Exercise -
Every entry should come back exactly as written, minus the pictures.

Information provided -

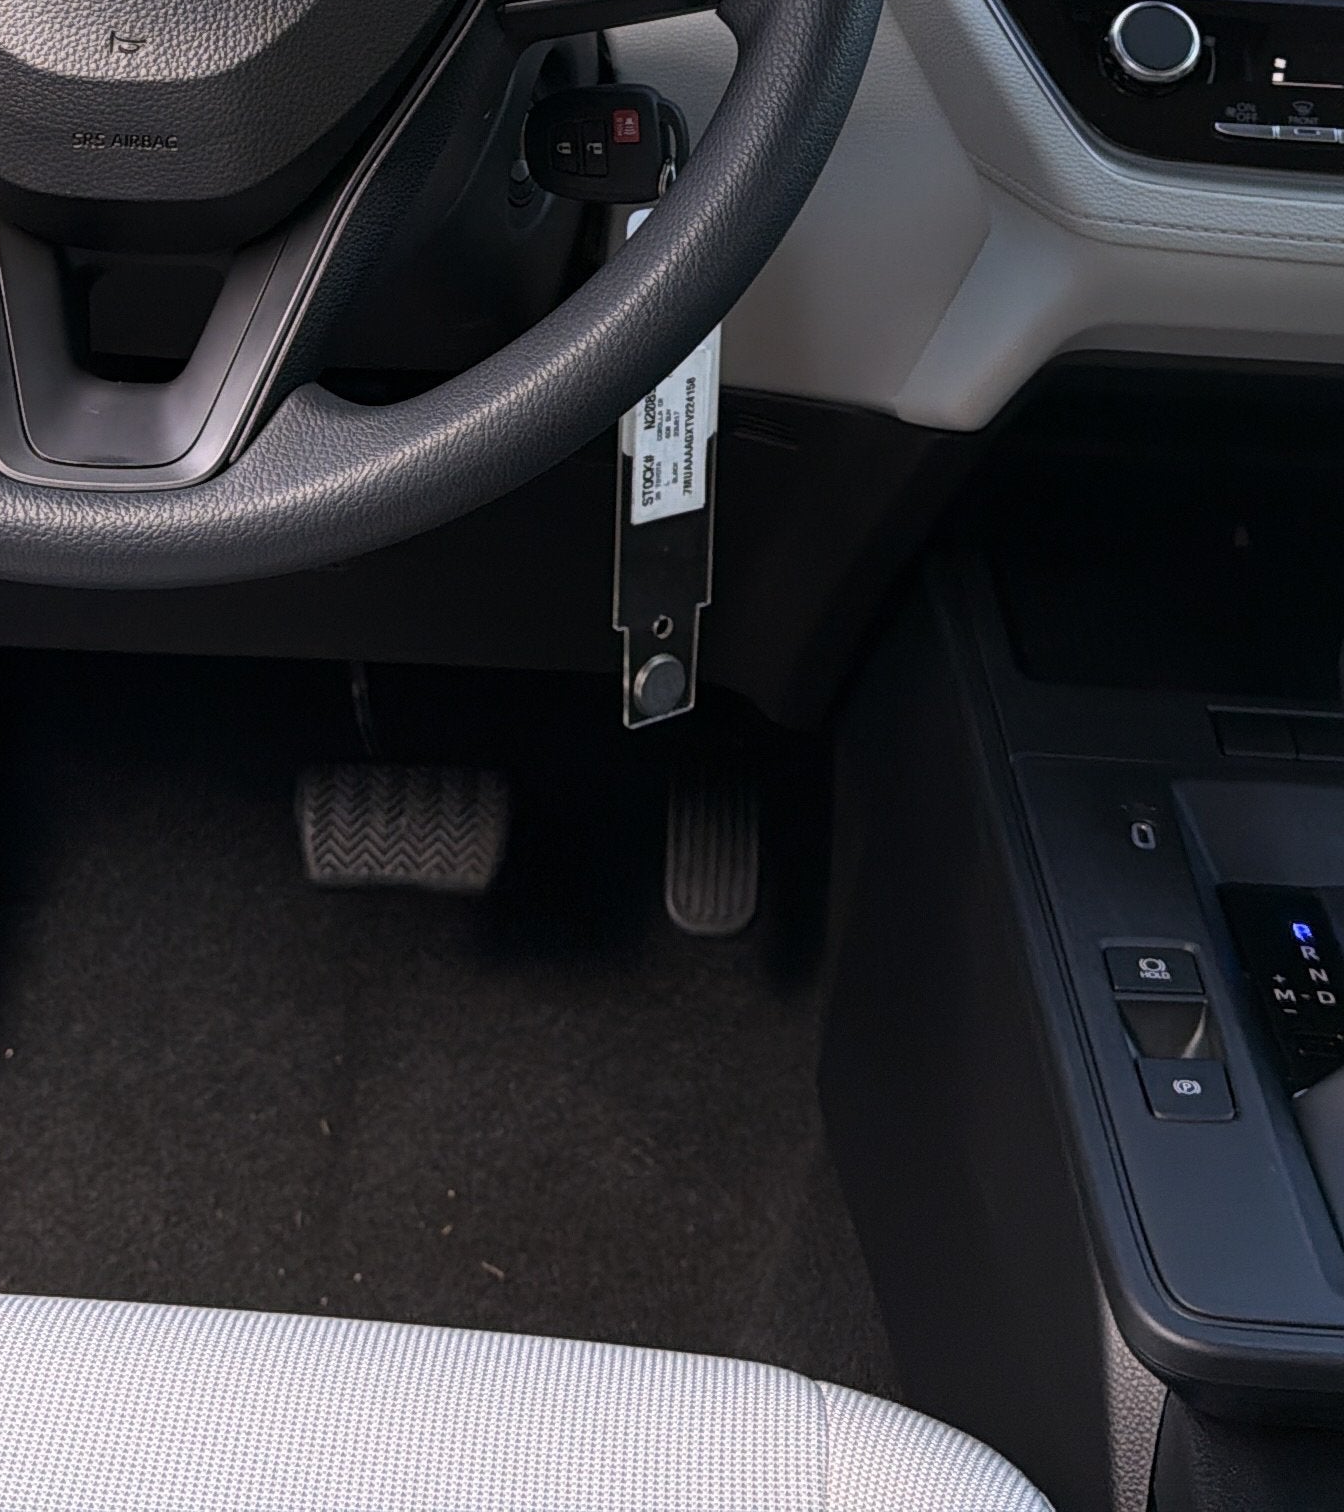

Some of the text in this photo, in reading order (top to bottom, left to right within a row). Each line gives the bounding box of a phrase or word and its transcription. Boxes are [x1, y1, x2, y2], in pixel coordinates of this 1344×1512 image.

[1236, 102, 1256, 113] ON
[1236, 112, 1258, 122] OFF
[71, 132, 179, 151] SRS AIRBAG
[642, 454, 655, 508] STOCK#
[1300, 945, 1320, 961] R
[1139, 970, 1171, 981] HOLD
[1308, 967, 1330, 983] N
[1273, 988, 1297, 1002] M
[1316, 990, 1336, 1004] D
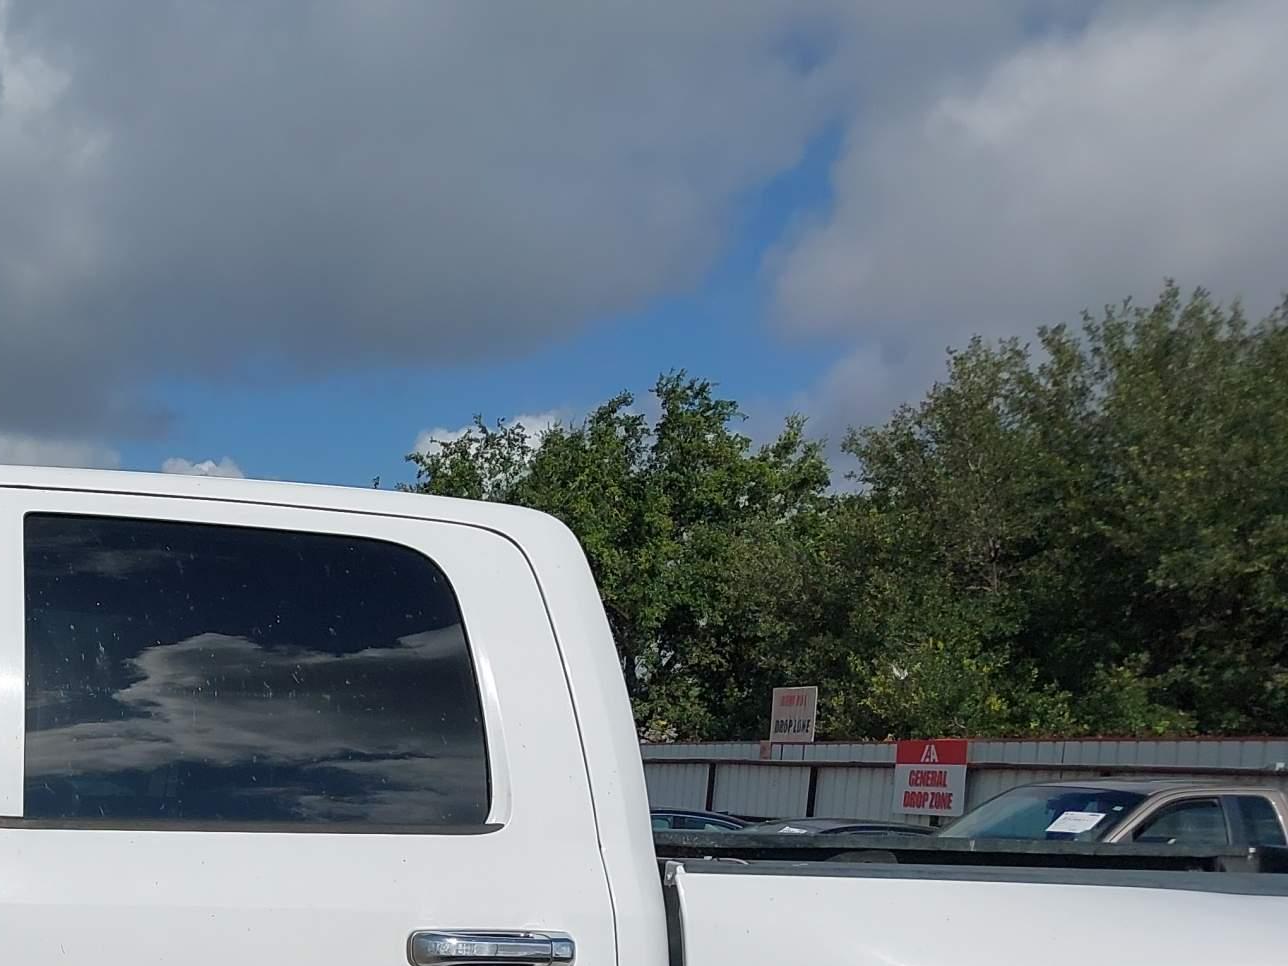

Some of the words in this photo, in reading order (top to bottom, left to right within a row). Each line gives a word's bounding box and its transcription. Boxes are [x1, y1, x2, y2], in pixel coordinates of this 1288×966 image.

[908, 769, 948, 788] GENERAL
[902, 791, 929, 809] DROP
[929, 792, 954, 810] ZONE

Result below -
Some of the text in this photo, in reading order (top to bottom, left to right within a row). Each line gives the bounding box of a phrase or word and its transcription. Boxes are [x1, y1, x2, y2], in pixel coordinates of this 1344×1512 image.

[1236, 102, 1256, 113] ON
[1236, 112, 1258, 122] OFF
[71, 132, 179, 151] SRS AIRBAG
[642, 454, 655, 508] STOCK#
[1300, 945, 1320, 961] R
[1139, 970, 1171, 981] HOLD
[1308, 967, 1330, 983] N
[1273, 988, 1297, 1002] M
[1316, 990, 1336, 1004] D

Some of the words in this photo, in reading order (top to bottom, left to right within a row). Each line gives a word's bounding box and its transcription. Boxes are [x1, y1, x2, y2], in pixel coordinates of this 1288×966 image.

[908, 769, 948, 788] GENERAL
[902, 791, 929, 809] DROP
[929, 792, 954, 810] ZONE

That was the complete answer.